Following the successful procedure on the ramus intermedius, the operator turned attention to the circumflex. Due to excessive angulation, the operator was unable to pass a 0.014 inch floppy-tipped conventional guidewire; a hydrophilic guidewire ultimately proved successful. The operator used a compliant balloon (2.5 mm diameter by 15 mm long) to predilate the lesion (Figures 29-5, 29-6 and Video 29-4) then removed the balloon catheter and attempted to pass an everolimus-eluting stent (3.0 mm diameter by 15 mm long). This was not successful because the stent would not advance around the acute angle. The guidewire was replaced with a stiffer shaft wire (Boston Scientific Mailman) and a shorter bare-metal stent was also attempted (3.0 mm diameter by 9 mm long) but failed to advance as well. During attempts to advance the stent, the guide catheter disengaged and distal wire access was lost. The guide was reengaged. Again, the operator had great difficulty advancing a 0.014 inch polymer-tipped guidewire and created a dissection resulting in vessel closure (Figures 29-7, 29-9 and Videos 29-5, 29-6). Attempts to regain the distal lumen using a variety of other guidewires failed. The patient reported chest pain but remained hemodynamically stable without arrhythmia. At this point, the procedure was stopped and the patient admitted to the coronary care unit.

Discussion

Abrupt vessel closure after angioplasty is a serious complication associated with death, myocardial infarction, or need for emergency bypass surgery.1 Most cases of abrupt vessel closure are due to extensive dissection of the artery with vessel occlusion caused by intimal flaps, intramural hematoma, or thrombus. During the balloon era, abrupt vessel closure complicated 2% to 8% of

coronary interventions and the only definitive therapy consisted of emergency bypass surgery. Coronary stents offered the first effective percutaneous solution and dramatically reduced the need for emergency surgery.

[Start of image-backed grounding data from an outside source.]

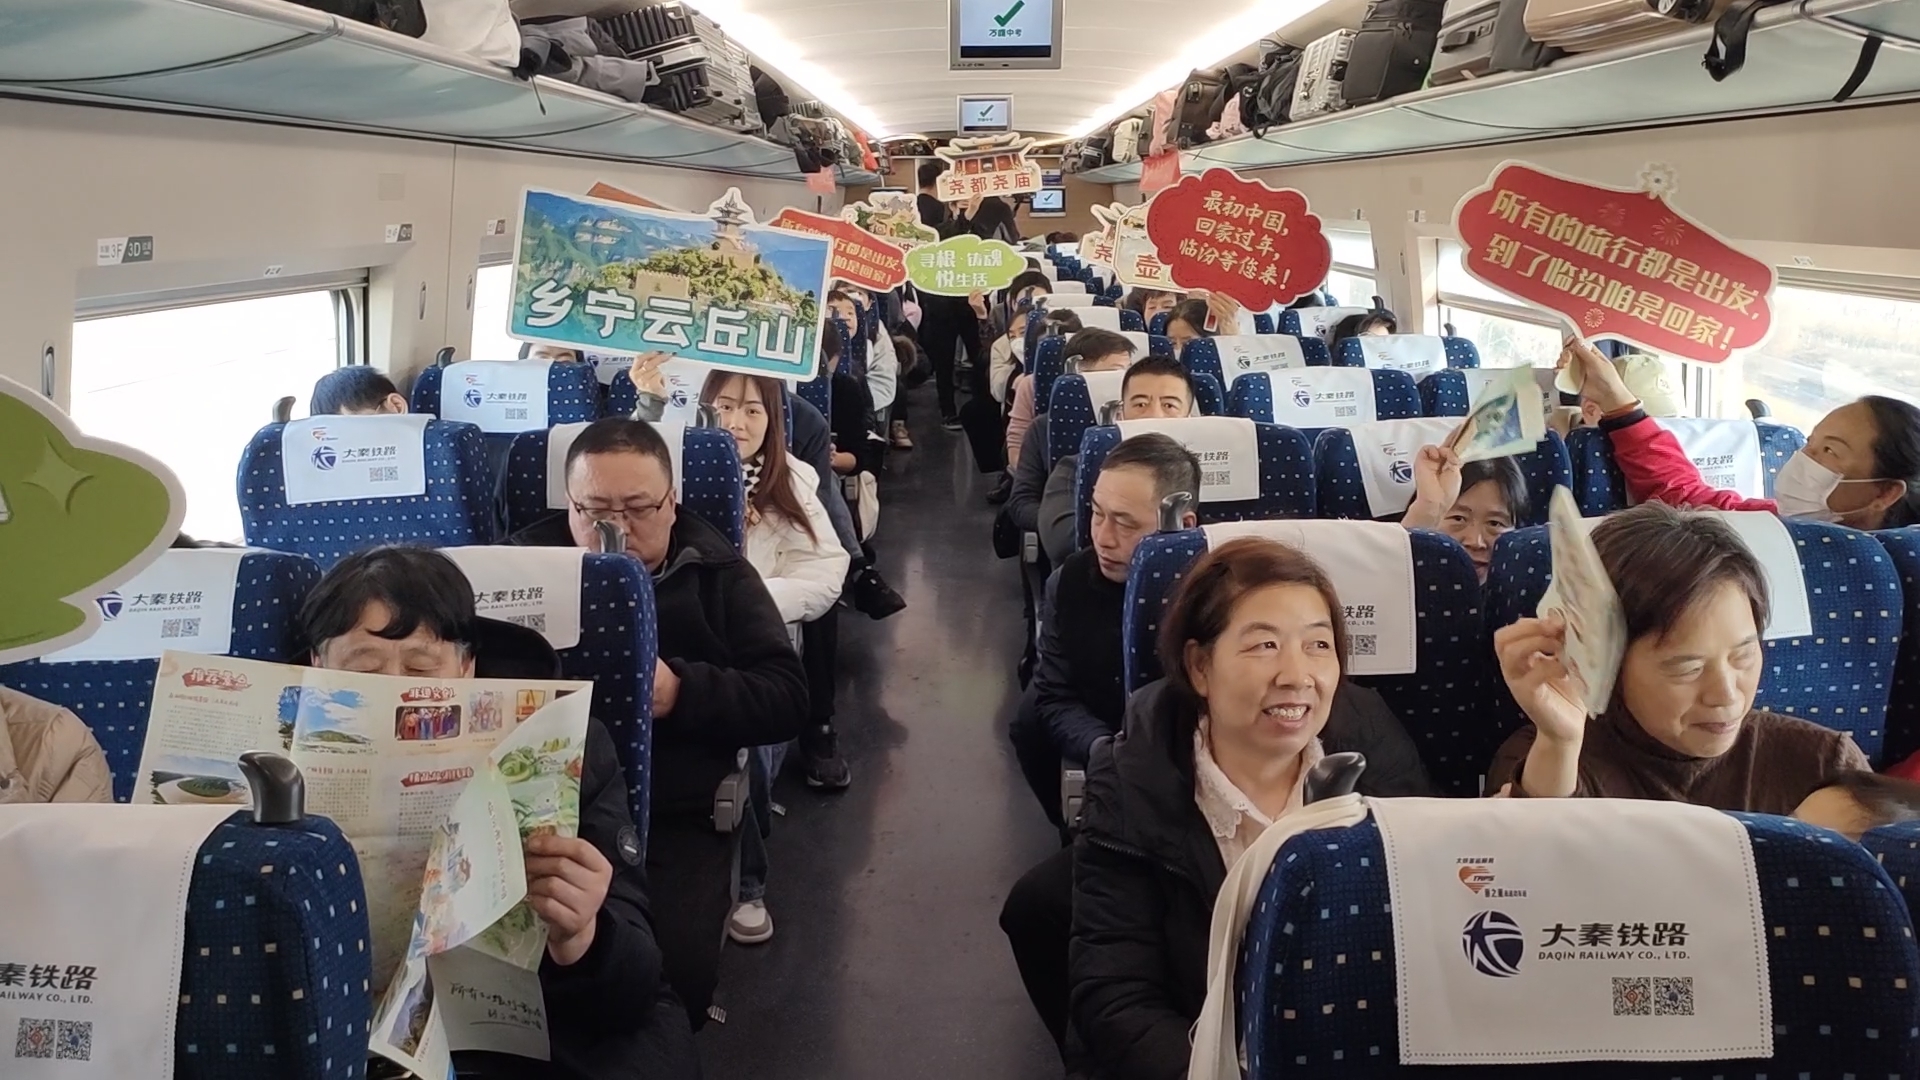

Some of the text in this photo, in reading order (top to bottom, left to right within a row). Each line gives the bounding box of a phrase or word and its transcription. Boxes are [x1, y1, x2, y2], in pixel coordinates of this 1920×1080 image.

[949, 172, 1031, 195] 尧都尧庙
[1203, 190, 1289, 236] 最初中国，
[128, 242, 141, 257] 3D
[1195, 217, 1282, 261] 回家过年，
[1178, 238, 1291, 290] 临汾等您来！
[1488, 189, 1760, 320] 所有的旅行都是出发，
[935, 271, 988, 288] 悦生活
[1482, 232, 1735, 351] 到了临汾咱是回家！
[526, 279, 806, 364] 乡宁云丘山
[343, 446, 397, 458] 大秦铁路
[130, 591, 204, 606] 大秦铁路
[474, 587, 545, 604] 大秦铁路
[1540, 922, 1690, 947] 大秦铁路
[1538, 950, 1690, 962] DAQIN RAILWAY CO., LTD.
[46, 993, 66, 1003] CO.,
[70, 995, 94, 1004] LTD.

Despite the advances in technology, abrupt closure remains an important risk in the current era. As demonstrated by this case, the inability to deliver a stent to a complex lesion or an extensively dissected segment leaves the operator few options in the event of vessel closure. Proximal vessel tortuosity, extreme angulation, heavy coronary calcification, and noncompliant vessels are all scenarios where a stent might not be deliverable. At this juncture, the operator is faced with the decision of emergency bypass surgery versus conservative medical management of the closed vessel and associated myocardial infarction. Emergency bypass surgery, still necessary in about 0.4% of percutaneous coronary interventions, is a fairly morbid event, associated with an in-hospital mortality of 8%, and is more likely to be justified when the occluded vessel supplies a large amount of myocardium.2 In the case presented here, the benefit of revascularizing a small vascular territory was greatly outweighed by the risk of emergent surgery in a patient with significant comorbid conditions.

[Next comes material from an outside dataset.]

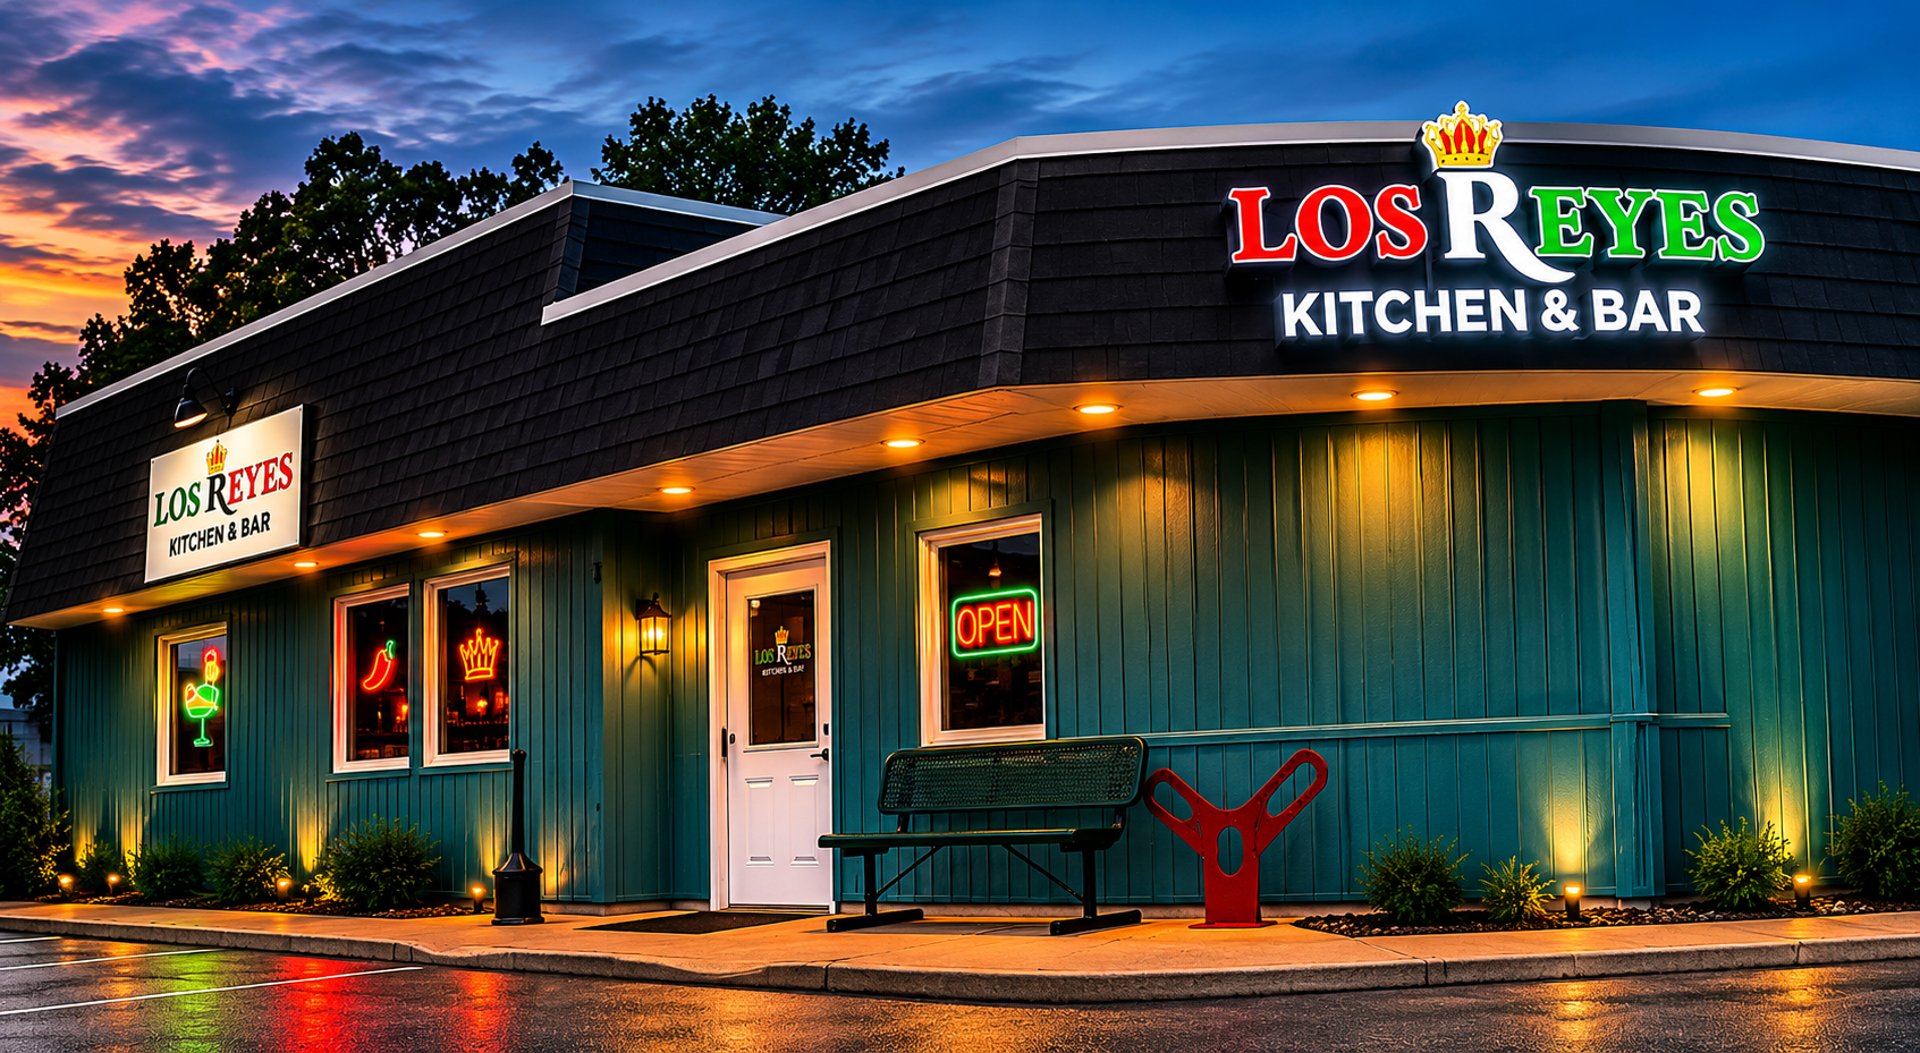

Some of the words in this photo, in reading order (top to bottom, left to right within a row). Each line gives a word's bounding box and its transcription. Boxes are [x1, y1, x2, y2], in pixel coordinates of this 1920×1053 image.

The difficult anatomy present in this case set the stage for this complication. Extreme angulation of the origin of the circumflex from the left main stem made it difficult to torque and advance guidewires, necessitating the use of a polymer-tipped wire. Although this allowed successful passage and enough support for balloon dilatation, a stent could not be delivered. The fateful event occurred when the operator lost guidewire access. There were probably numerous small intimal tears in the lesion caused by balloon angioplasty. Attempts to recross this complex lesion undoubtedly propagated these tears, leading to the extensive spiral dissection observed in this case. The complex labyrinth of intimal flaps thwarted the operator’s attempts at finding the true distal lumen, especially given the extreme angulation and inability to precisely turn and advance the guidewire.